Reputation: 2733
I am calling a c function which allocates around 900 mb large buffer. If I call this function at the very beginning of the wpf app, the allocation succeeds but if it is called after creating a few other objects, the function throws an out of memory exception. At any time, my wpf app does not use more than 200 mb of memory(excluding the 900 mb).
I have also tried compacting the LOH using
GCSettings.LargeObjectHeapCompactionMode = GCLargeObjectHeapCompactionMode.CompactOnce;
GC.Collect();
to make sure enough contiguous memory is available for 900 mb allocation but it didn't help as well. Its a 32 bit wpf app. I have also tried using the /3gb switch and it didn't help as well.
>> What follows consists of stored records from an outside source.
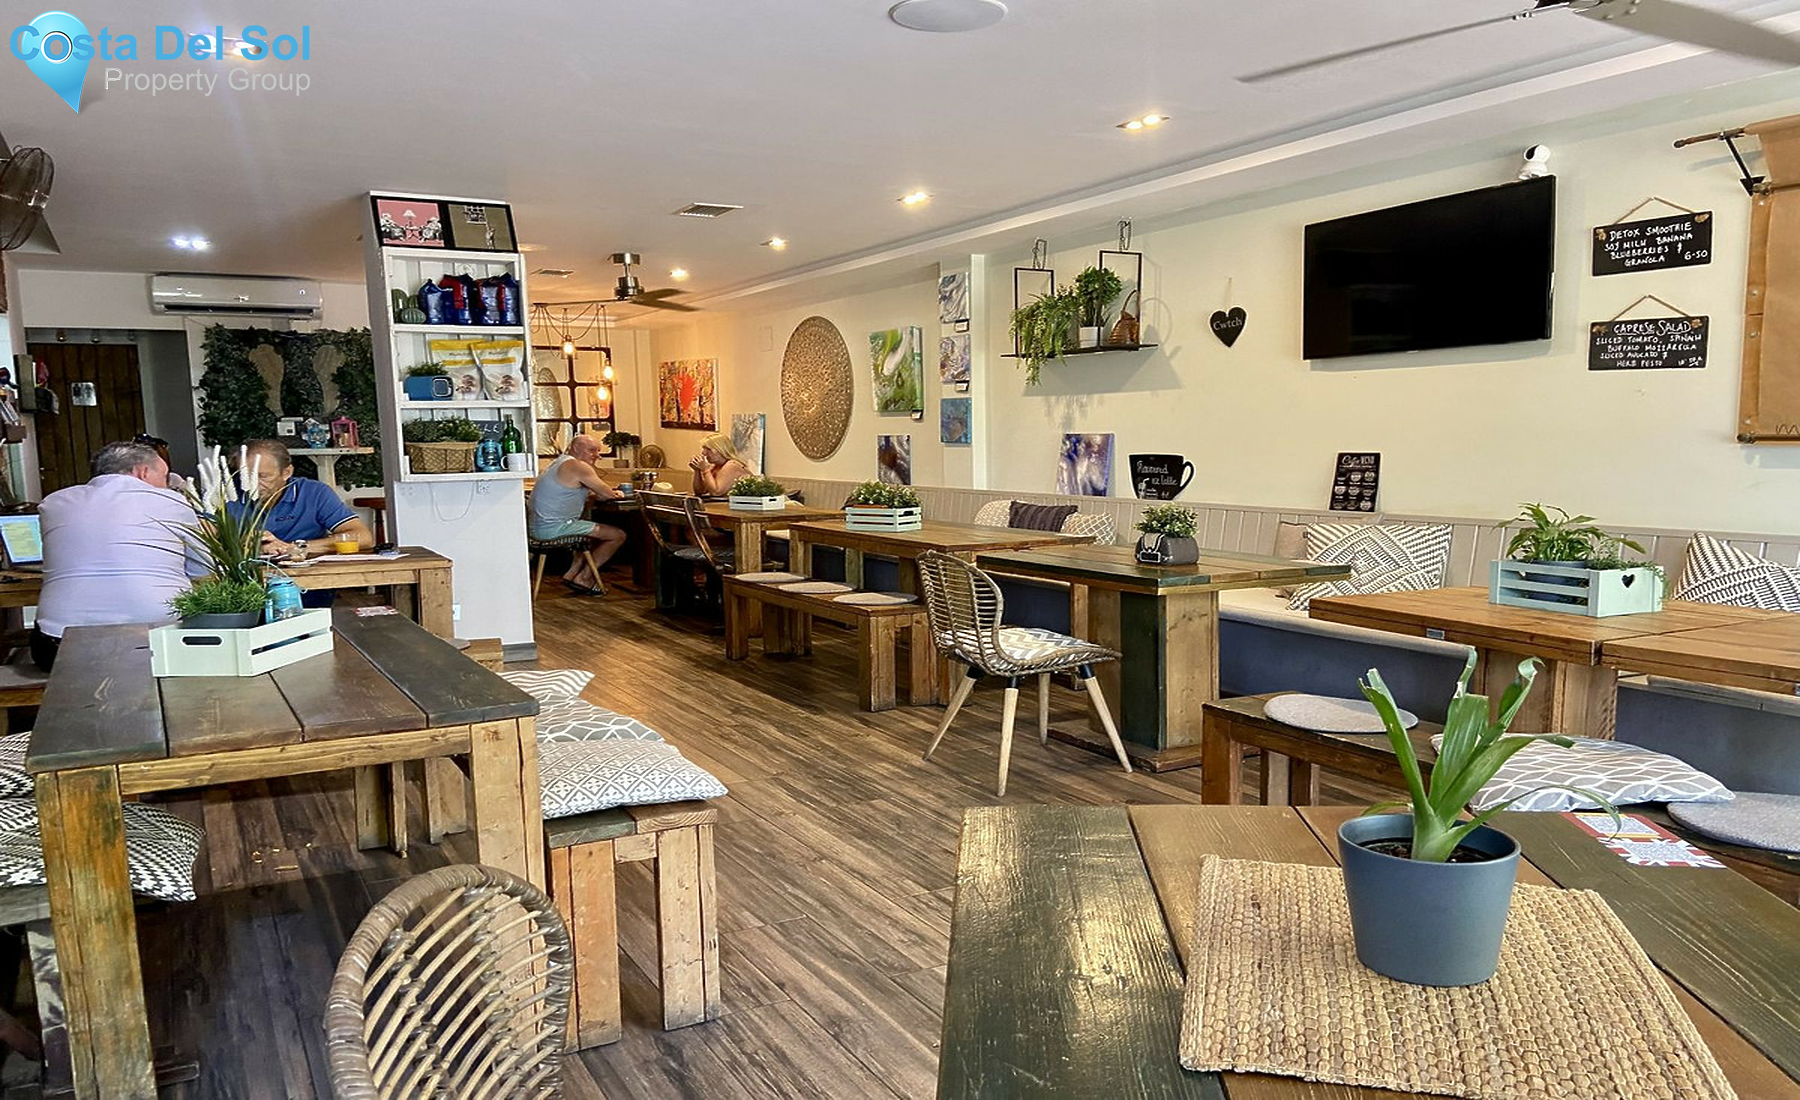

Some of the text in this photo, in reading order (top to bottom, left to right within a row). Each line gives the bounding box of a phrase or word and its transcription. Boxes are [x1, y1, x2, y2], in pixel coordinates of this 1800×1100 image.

[1609, 221, 1693, 241] DETOX SMOOTHIE
[1604, 242, 1620, 252] SOY
[1655, 234, 1693, 245] BANANA
[1610, 245, 1669, 260] BLUEBERRIES
[1624, 255, 1666, 267] GRANOLA
[1613, 320, 1692, 336] CAPRESE SALAD
[1596, 337, 1622, 345] SLICED
[1640, 360, 1663, 368] PESTO
What could possibly be the problem?
Upvotes: 1
Views: 108
Reputation: 111860
That the memory becomes fragmented :-) You can't control it. With an address space of 3 gb, you only need 4 pages of memory (4kb * 4 = 16kb) to make a request of 900mb impossible.
Solutions can be:
going 64 bits
not allocating a single block of 900 mb (if it is a memory mapped file, the file could be mapped not completely but though a sliding window)
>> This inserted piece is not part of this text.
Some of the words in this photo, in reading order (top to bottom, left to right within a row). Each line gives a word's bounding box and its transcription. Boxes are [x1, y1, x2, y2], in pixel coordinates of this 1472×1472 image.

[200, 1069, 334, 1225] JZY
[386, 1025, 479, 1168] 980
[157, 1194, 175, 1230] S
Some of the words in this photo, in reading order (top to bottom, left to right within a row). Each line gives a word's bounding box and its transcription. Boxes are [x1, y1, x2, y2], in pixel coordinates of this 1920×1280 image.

at the beginning of the app, preallocating the 900mb and giving the C method this block of memory that has already been allocated (note that I don't think there is a strong guarantee that 900mb of address space are accessible at the start of an app)
similar to the previous: at the beginning of the program, with VirtualAlloc
you allocate only the address space for 900 mb of memory. You fill this address space with "real" memory when needed, and you free the memory (without freeing the address space) when you don't need it. In this way the address space won't become fragmented.